## Recorded data
-------------------------
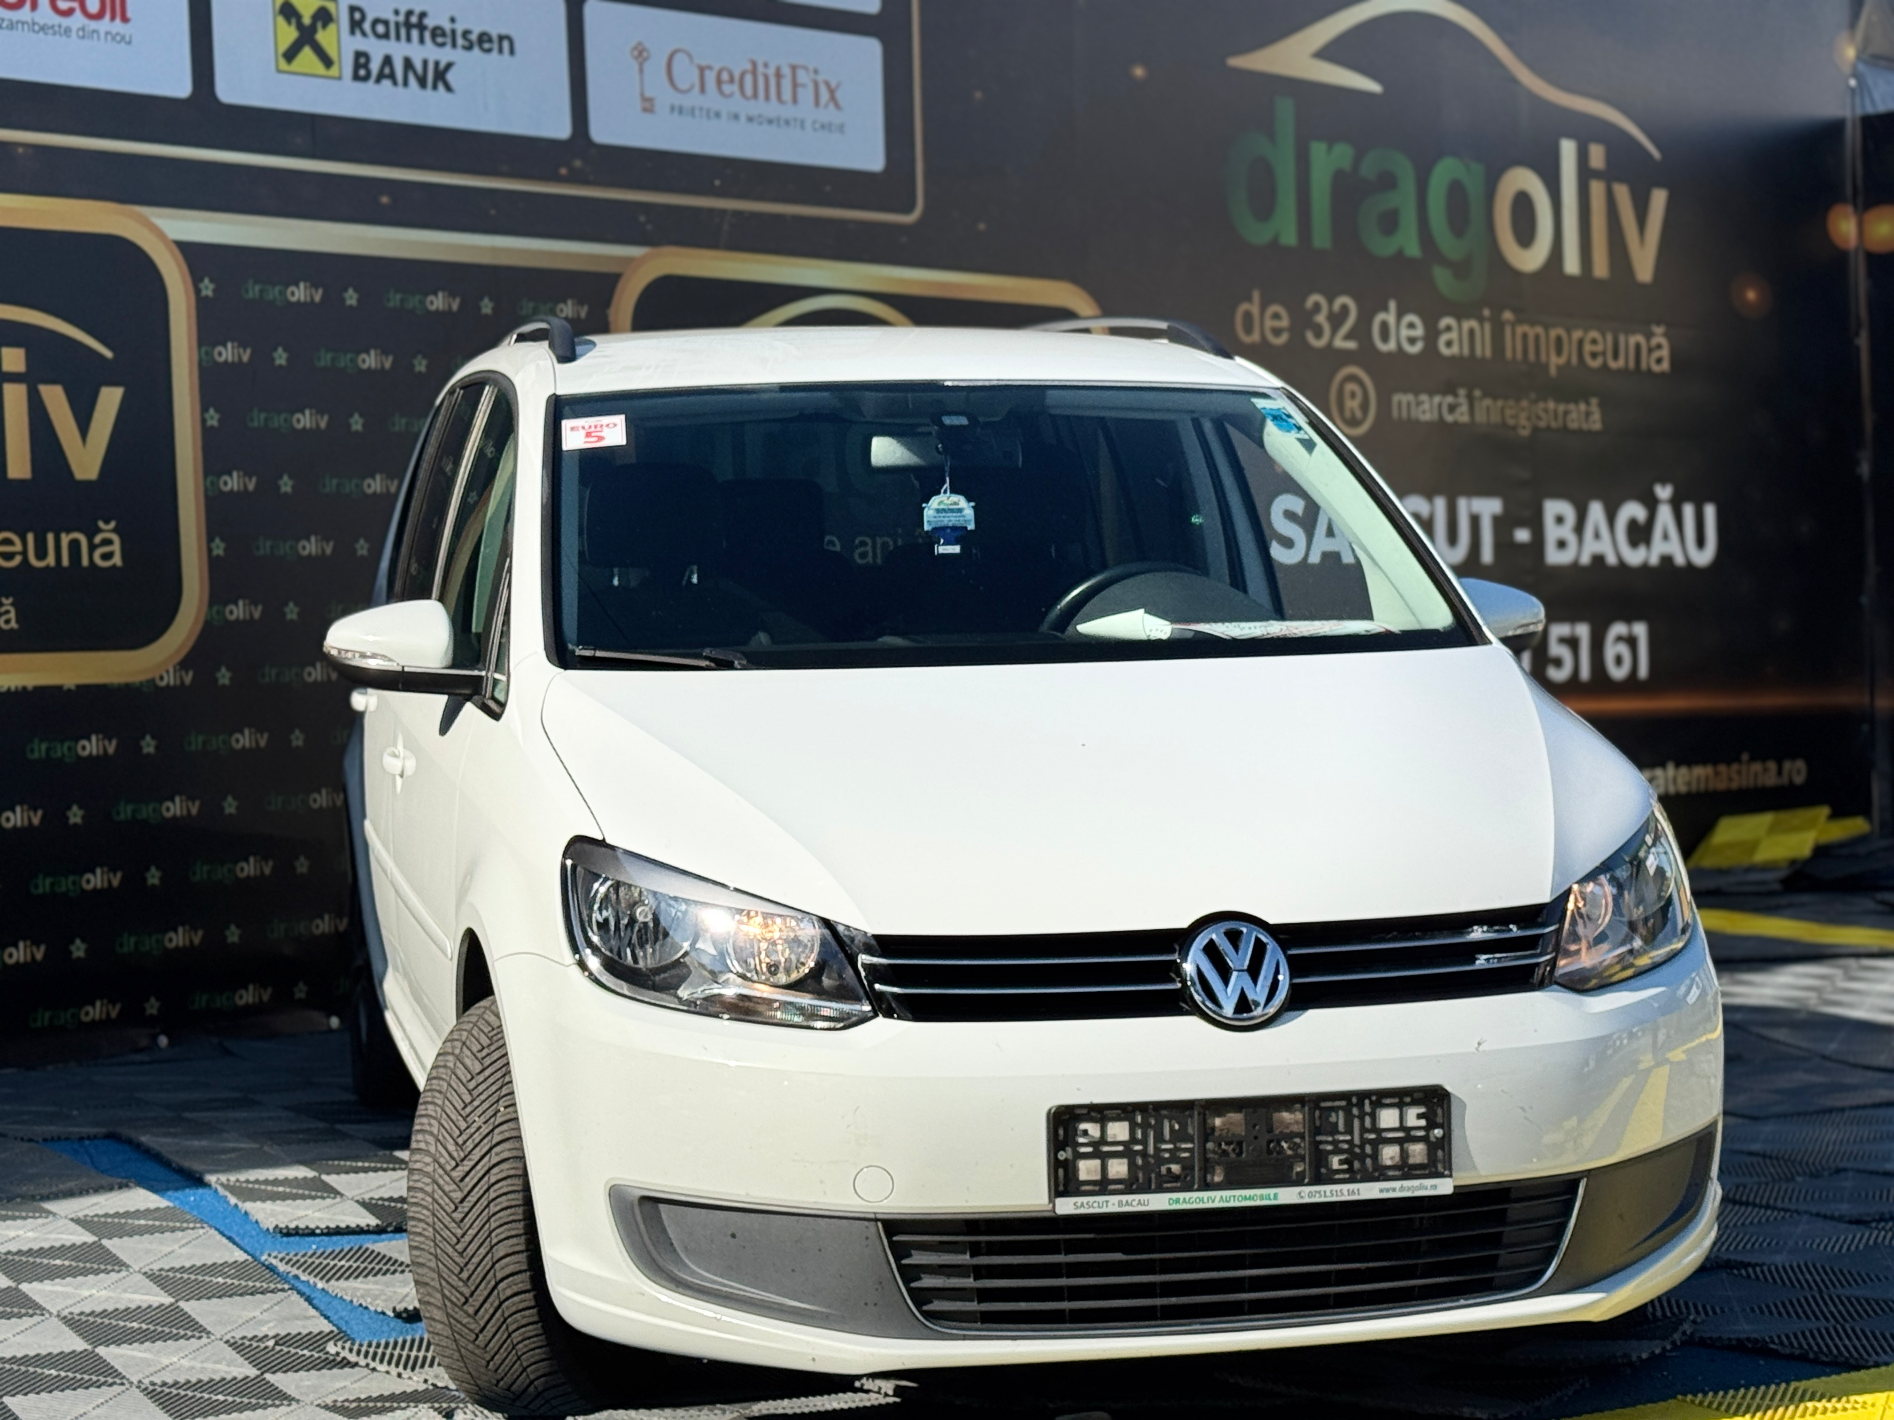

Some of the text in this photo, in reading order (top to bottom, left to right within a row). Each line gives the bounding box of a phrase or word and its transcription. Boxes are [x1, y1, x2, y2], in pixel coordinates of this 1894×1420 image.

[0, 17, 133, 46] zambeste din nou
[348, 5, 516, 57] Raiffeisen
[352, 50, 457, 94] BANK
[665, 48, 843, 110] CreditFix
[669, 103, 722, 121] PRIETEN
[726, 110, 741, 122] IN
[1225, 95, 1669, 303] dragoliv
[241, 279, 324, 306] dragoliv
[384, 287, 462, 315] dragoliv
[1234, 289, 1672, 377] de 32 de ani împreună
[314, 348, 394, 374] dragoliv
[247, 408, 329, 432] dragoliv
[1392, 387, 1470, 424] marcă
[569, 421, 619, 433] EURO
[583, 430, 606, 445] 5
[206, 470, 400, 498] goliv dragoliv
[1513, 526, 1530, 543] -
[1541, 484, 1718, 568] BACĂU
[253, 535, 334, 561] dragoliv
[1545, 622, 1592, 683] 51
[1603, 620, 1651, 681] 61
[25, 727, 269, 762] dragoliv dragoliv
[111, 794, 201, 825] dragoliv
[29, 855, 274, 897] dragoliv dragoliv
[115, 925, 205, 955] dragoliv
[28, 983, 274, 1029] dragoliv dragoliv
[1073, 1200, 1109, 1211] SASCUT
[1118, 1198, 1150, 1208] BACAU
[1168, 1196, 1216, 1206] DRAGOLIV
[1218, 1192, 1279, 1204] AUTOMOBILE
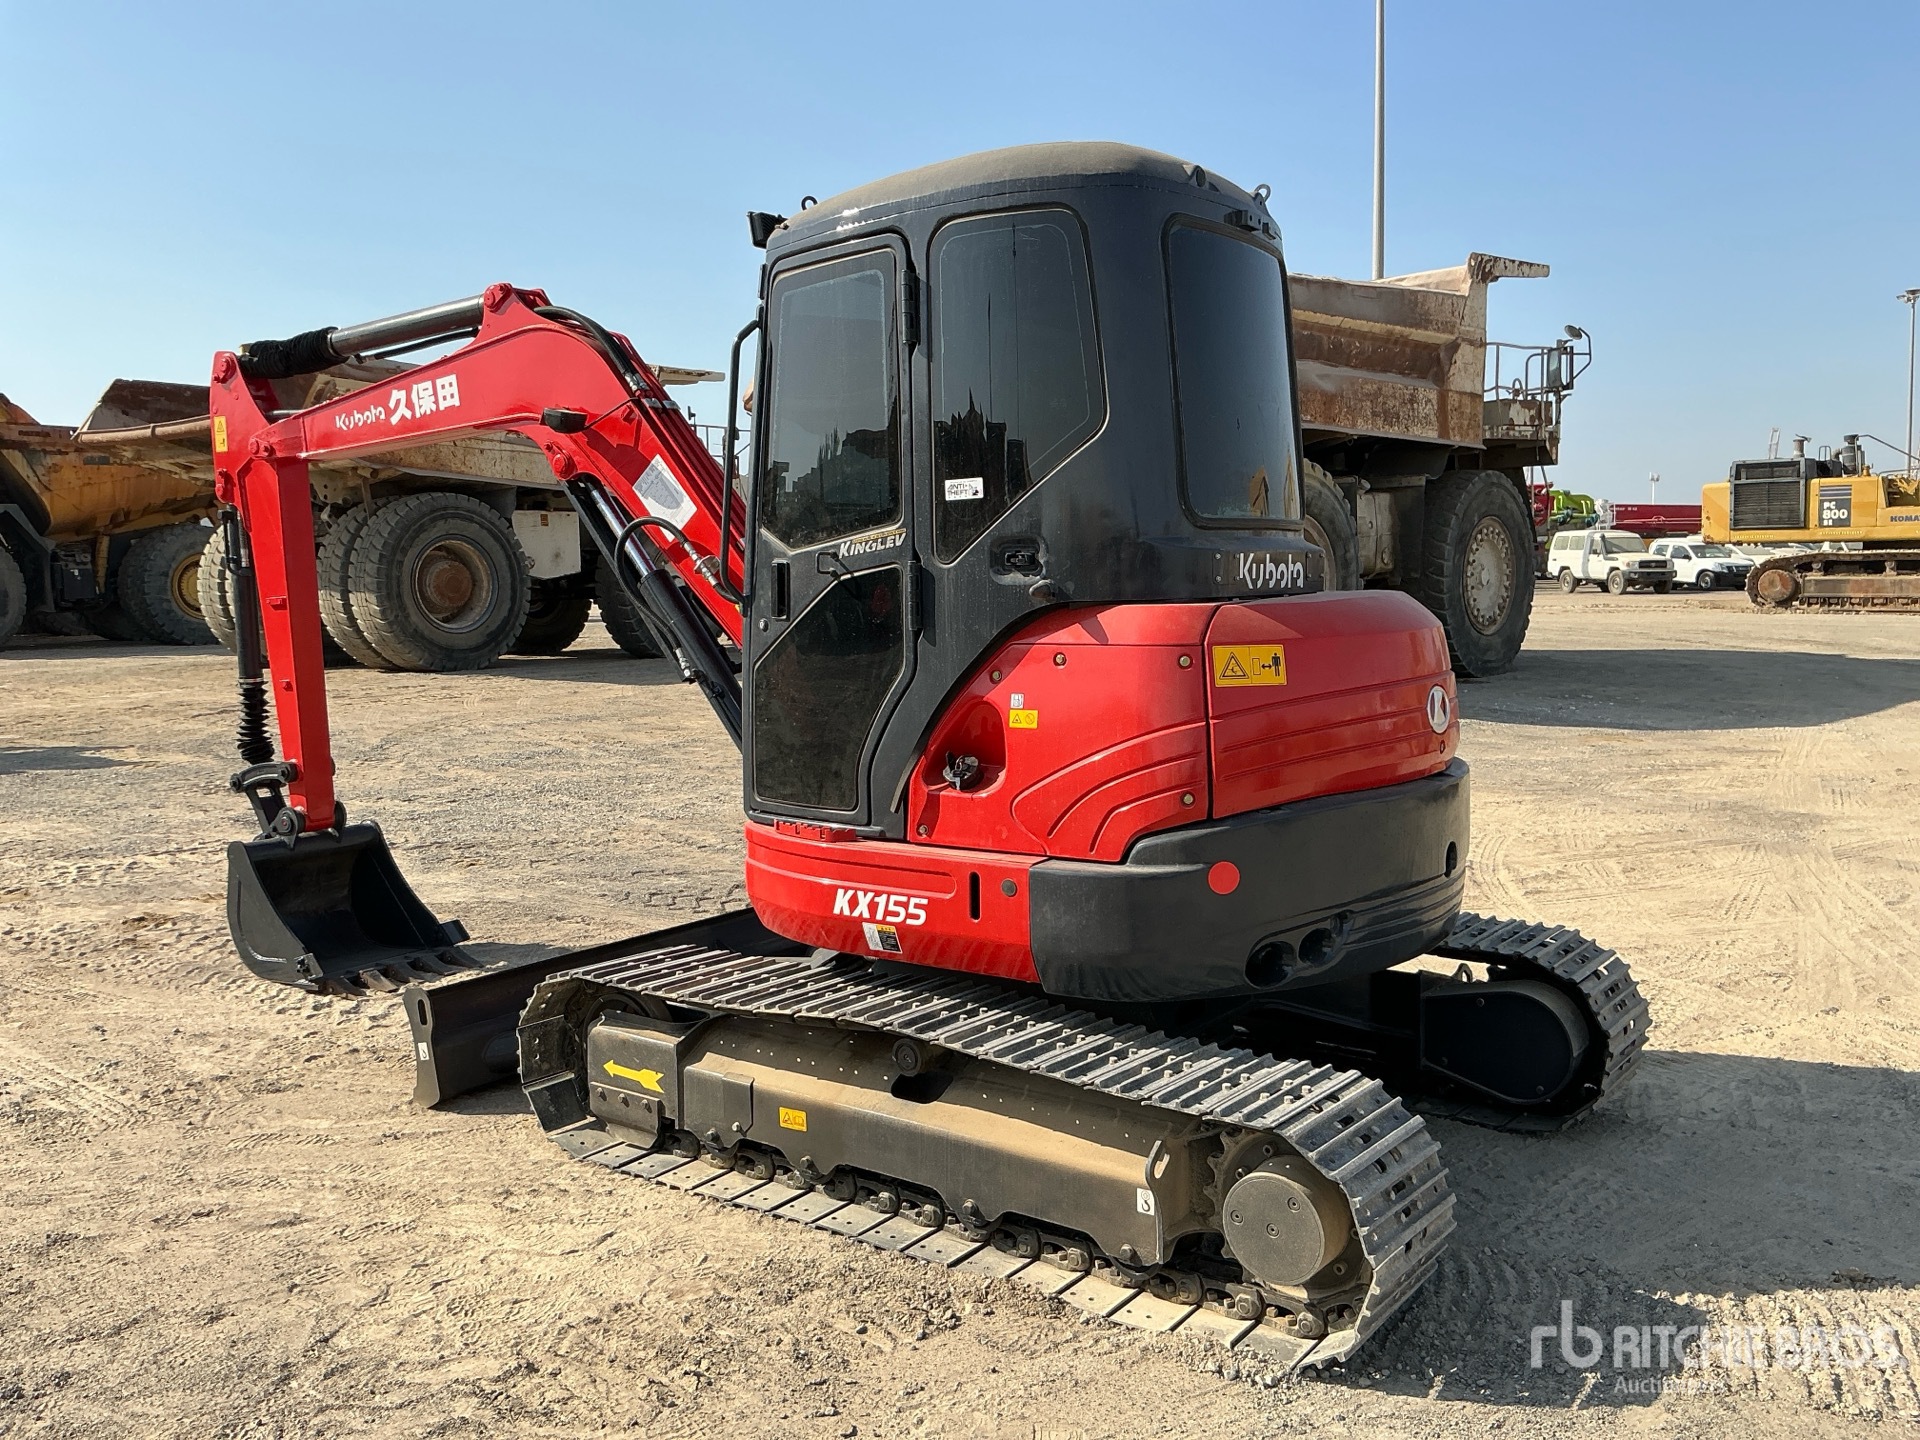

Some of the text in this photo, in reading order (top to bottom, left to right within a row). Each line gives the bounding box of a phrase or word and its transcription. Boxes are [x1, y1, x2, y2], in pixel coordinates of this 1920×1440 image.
-------------------------
## What is needed
Return all the lines above exactly; none of the pictures should appear.

## Solution to the problem
Some of the text in this photo, in reading order (top to bottom, left to right within a row). Each line gives the bounding box of a phrase or word and its transcription. Boxes are [x1, y1, x2, y2], in pixel coordinates of this 1894×1420 image.

[0, 17, 133, 46] zambeste din nou
[348, 5, 516, 57] Raiffeisen
[352, 50, 457, 94] BANK
[665, 48, 843, 110] CreditFix
[669, 103, 722, 121] PRIETEN
[726, 110, 741, 122] IN
[1225, 95, 1669, 303] dragoliv
[241, 279, 324, 306] dragoliv
[384, 287, 462, 315] dragoliv
[1234, 289, 1672, 377] de 32 de ani împreună
[314, 348, 394, 374] dragoliv
[247, 408, 329, 432] dragoliv
[1392, 387, 1470, 424] marcă
[569, 421, 619, 433] EURO
[583, 430, 606, 445] 5
[206, 470, 400, 498] goliv dragoliv
[1513, 526, 1530, 543] -
[1541, 484, 1718, 568] BACĂU
[253, 535, 334, 561] dragoliv
[1545, 622, 1592, 683] 51
[1603, 620, 1651, 681] 61
[25, 727, 269, 762] dragoliv dragoliv
[111, 794, 201, 825] dragoliv
[29, 855, 274, 897] dragoliv dragoliv
[115, 925, 205, 955] dragoliv
[28, 983, 274, 1029] dragoliv dragoliv
[1073, 1200, 1109, 1211] SASCUT
[1118, 1198, 1150, 1208] BACAU
[1168, 1196, 1216, 1206] DRAGOLIV
[1218, 1192, 1279, 1204] AUTOMOBILE

Some of the text in this photo, in reading order (top to bottom, left to right within a row). Each line gives the bounding box of a phrase or word and its transcription. Boxes are [x1, y1, x2, y2], in pixel coordinates of this 1920×1440 image.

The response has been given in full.